Bizim toplumumuzda mutlu anılarımızın bile hüzünle anlatıldığını, insanların eğlenceli olaylardan çok hüzünlü olayları paylaşmayı tercih ettiğini, “acılarımızla mutlu olduğumuzu” görüyoruz.

Çok güldük galiba, başımıza kötü bir şey gelecek diyen ender halklardan biriyiz. Çok eğlendiğimizde kendimize nazar değeceğine inanan bir toplumuz. Şarkılarımız “ ‘gıbze’yi (ağıt) zevk edinir”. En derin ilişkileri acıyı paylaşarak sürgün yıllarını temel alan soykırım anılarıyla dolu olarak kururuz.

Eğer sağlık sorunumuz yoksa ve geçinecek kadar gelirimiz varsa hepimiz mutlu olabiliriz. Fakat mutluluk o kadar kırılgandır ki hemen dağılabilir. Emek vererek yakaladığımız iç dengemiz sadece bizim çabamızla ayakta durmuyor. Hepimiz içinde bulunduğumuz ailede, yaşadığımız şehirde, çalıştığımız işte birçok mecburi ilişkiler içindeyiz. Kiminle beraber olduğumuz da bizim ruh halimizi etkiliyor. Bazıları bize iyi gelirken bazıları da kötü geliyor.

Her 21 Mayıs’ta, deniz kenarında, panelde, alanda veya konsolosluk önünde toplanıp sürgünü anıyoruz ve analım ama geçmişte yaşadığımız tarihsel trajediyi sabah akşam çocuklarımızın bilincine işlemek, dışımızdaki dünyaya gözümüzü kapatmak mutluluk getirmez, bizim üzerimize düşen görev kovulduğumuz vatana dönmek ve ona sahip çıkmaktır.
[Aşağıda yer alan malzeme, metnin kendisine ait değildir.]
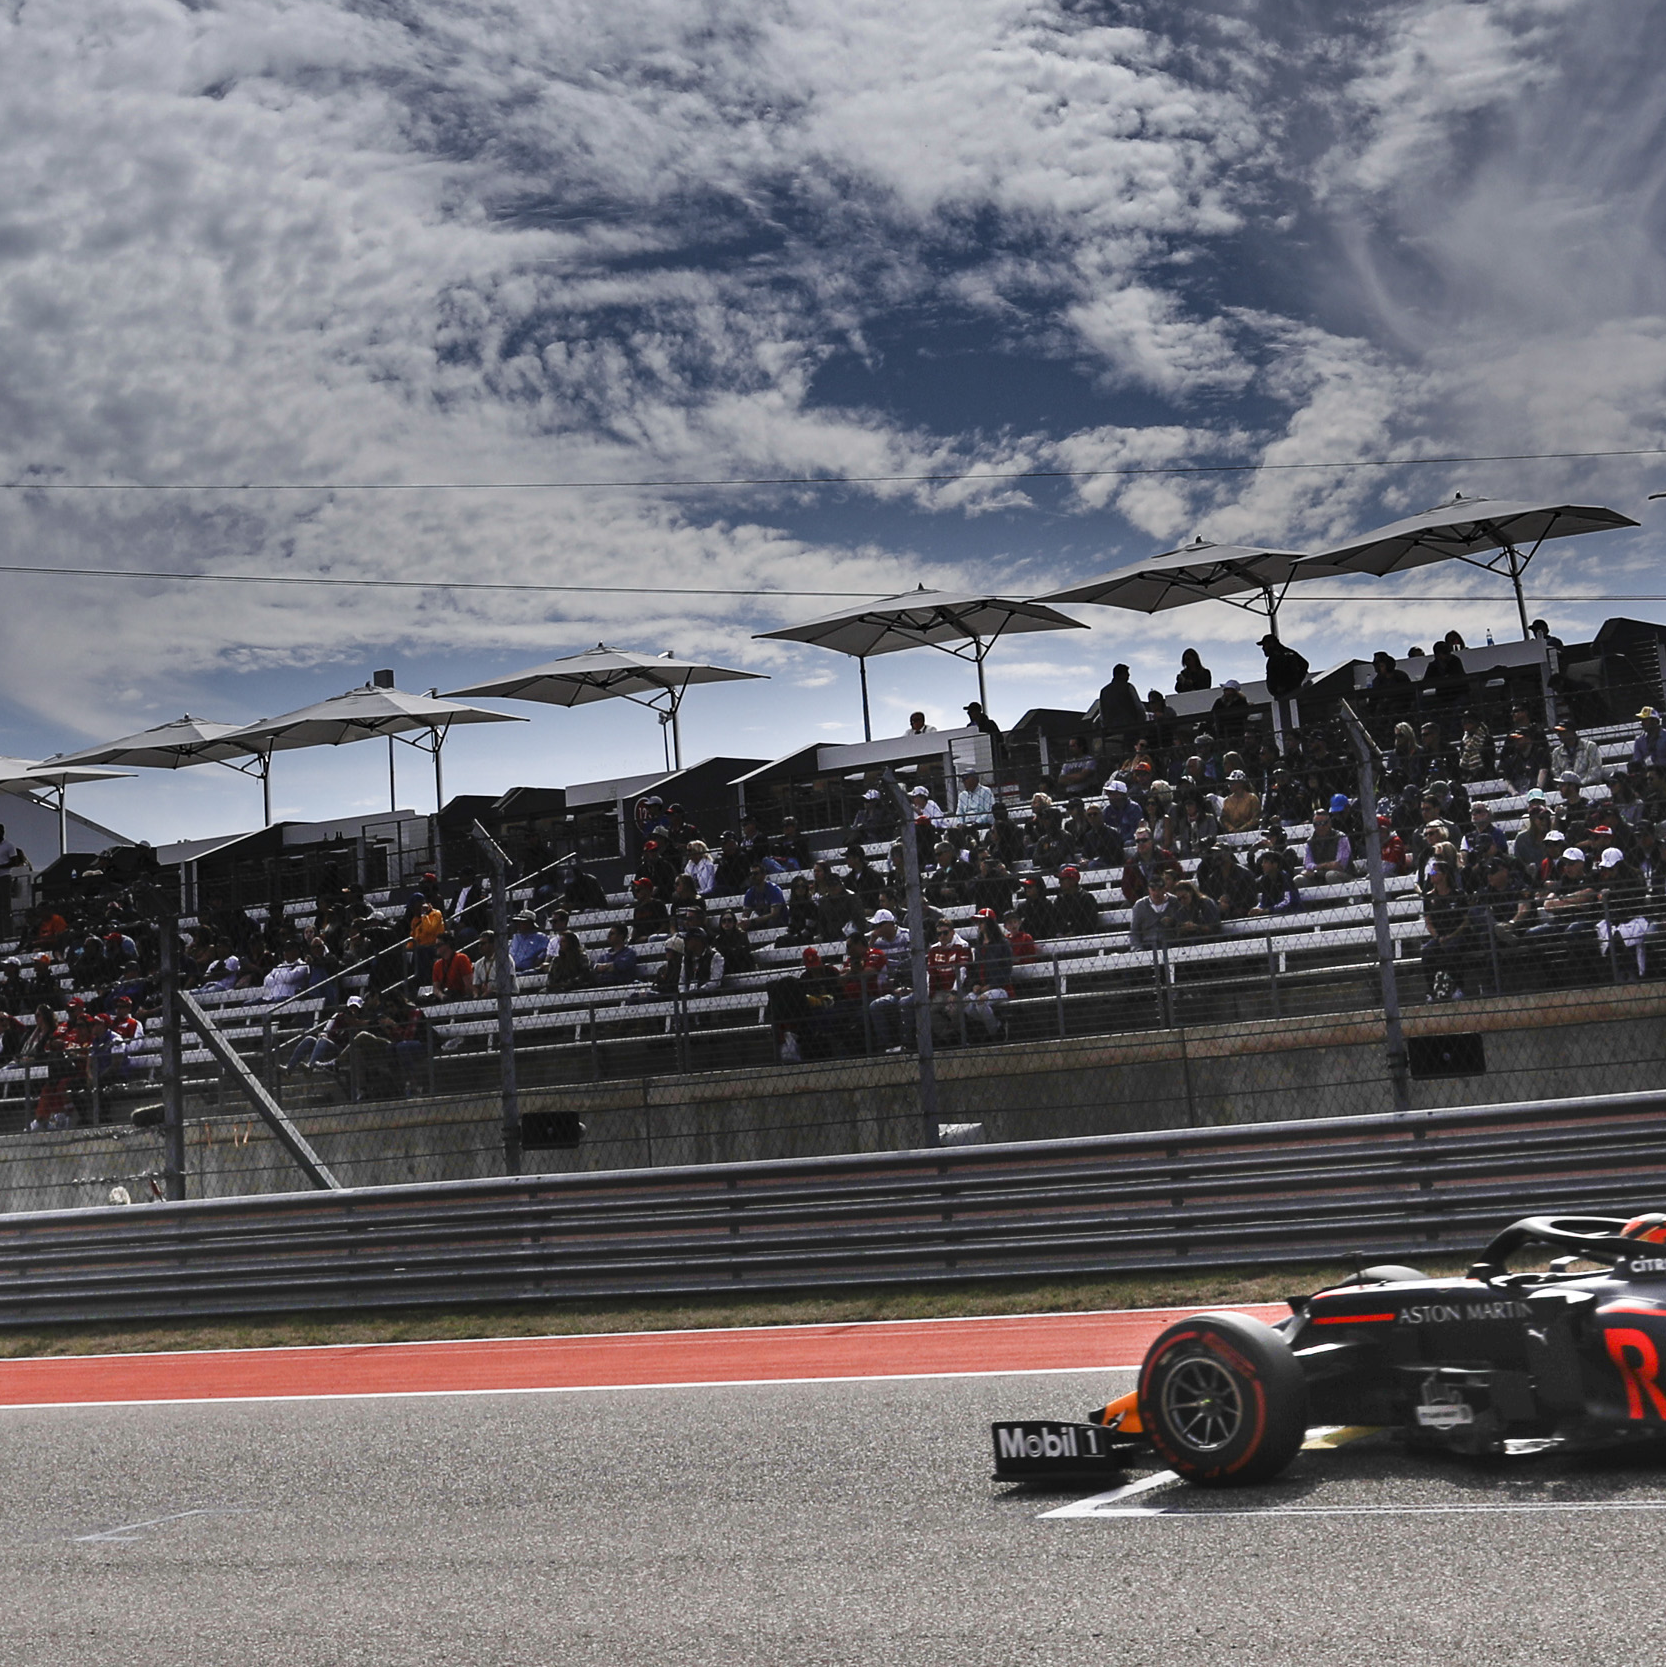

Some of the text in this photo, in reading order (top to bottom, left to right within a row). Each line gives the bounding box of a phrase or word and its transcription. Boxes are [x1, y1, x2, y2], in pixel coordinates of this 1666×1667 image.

[1399, 1301, 1532, 1324] ASTON MARTIN
[998, 1426, 1078, 1458] Mobil
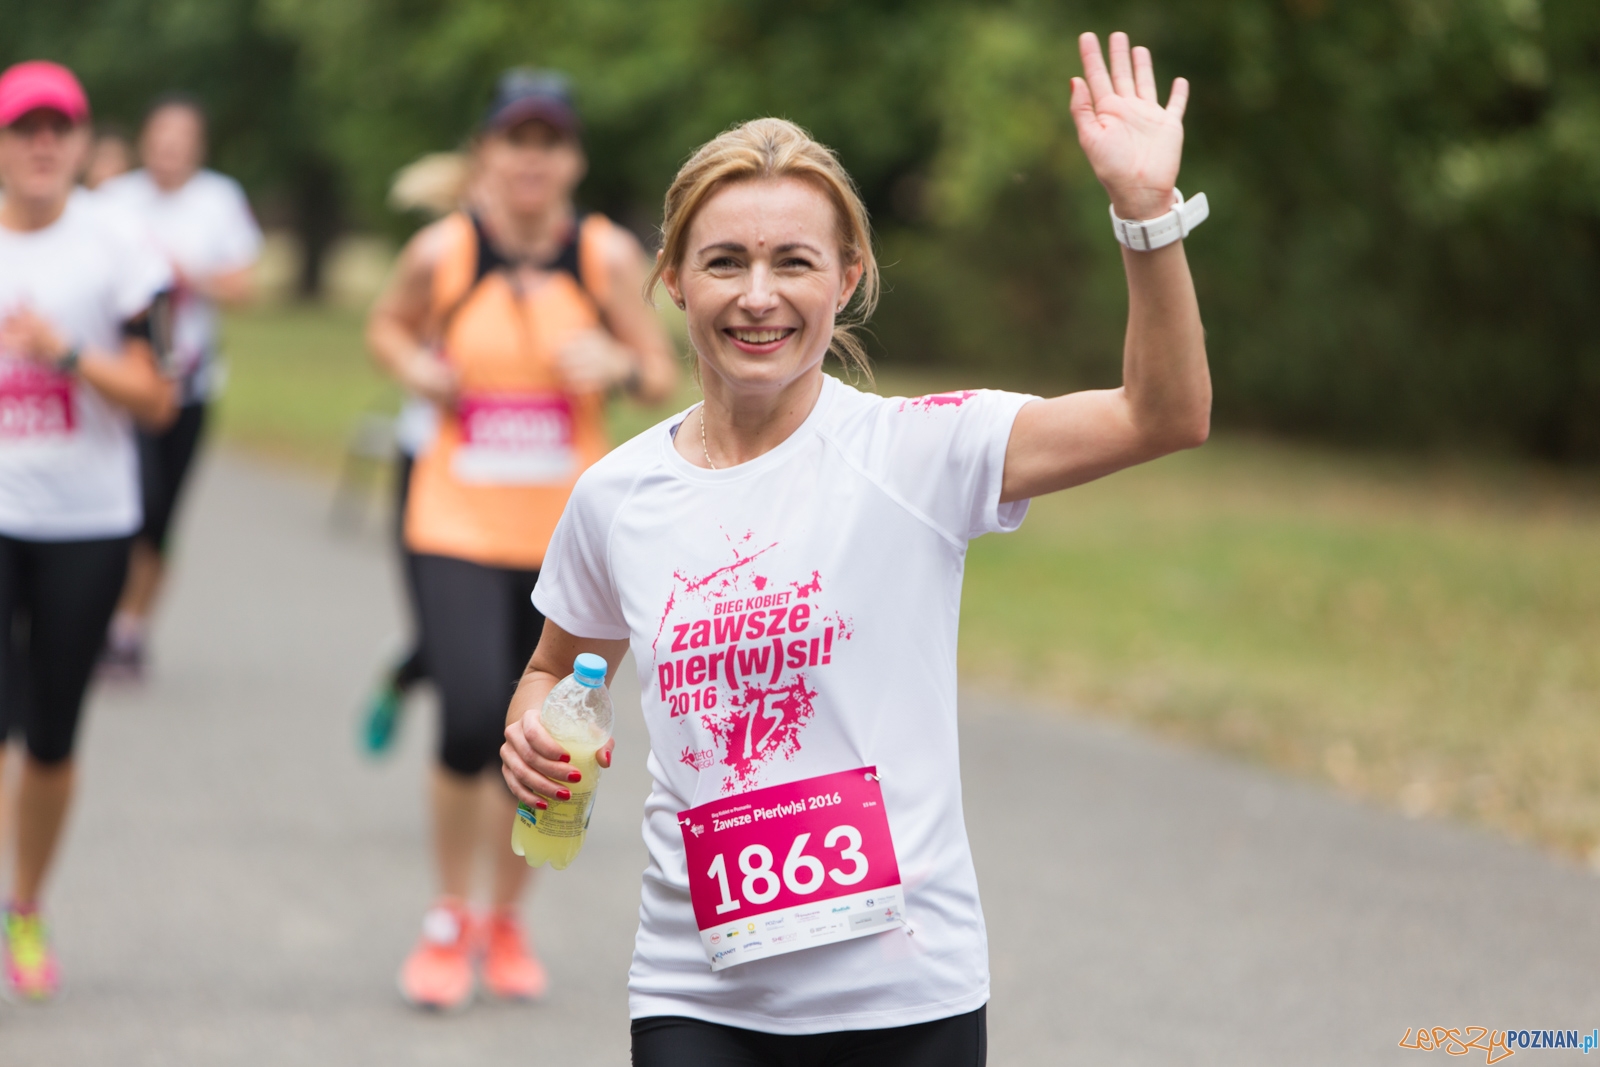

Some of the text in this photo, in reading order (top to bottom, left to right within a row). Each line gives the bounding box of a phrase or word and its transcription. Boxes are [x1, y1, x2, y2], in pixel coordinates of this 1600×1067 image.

[713, 591, 792, 616] BIEG KOBIET
[670, 603, 811, 653] zawsze
[668, 686, 718, 718] 2016
[741, 690, 790, 758] 15
[712, 813, 752, 832] Zawsze
[753, 800, 806, 822] Pier(w)si
[808, 792, 842, 810] 2016
[707, 825, 869, 915] 1863
Daha açık bir şekilde söylersek, sürgünün çözümü dönüştür.

Dönmüyorsak, asalet ve nezaketin timsali Çerkesler demekle hiç birimiz mutlu olmaz, asil olmaz, nezaketli de olmaz, üstelik böyle şeyleri yazmakta, konuşmakta çok doğru değildir. Biz davranışlarımızda asil ve nezaketli tavırlar sergilersek, diğer kültürlerden olanlar da bize ne kadar asil ve nezaketli kişiler derler.

Gençlerimize, çocuklarımıza mutlu ve iyi insan olmanın çok daha önemli bir meziyet olduğunu öğretmeliyiz. Çocuklarımızı Türkiye Cumhuriyeti’nin geleceği hakkında etkin/söz ve karar sahibi, yarının politikacıları, iş adamları, aydınları ve bürokratları olabilecek şekilde yetiştirmeli, entelektüel, evrensel değerlerle barışık, mutlu, çevre dostu, düşünen, üreten ve paylaşan başarılı bireylerin arasında yerlerini alabilmelerini sağlamalıyız.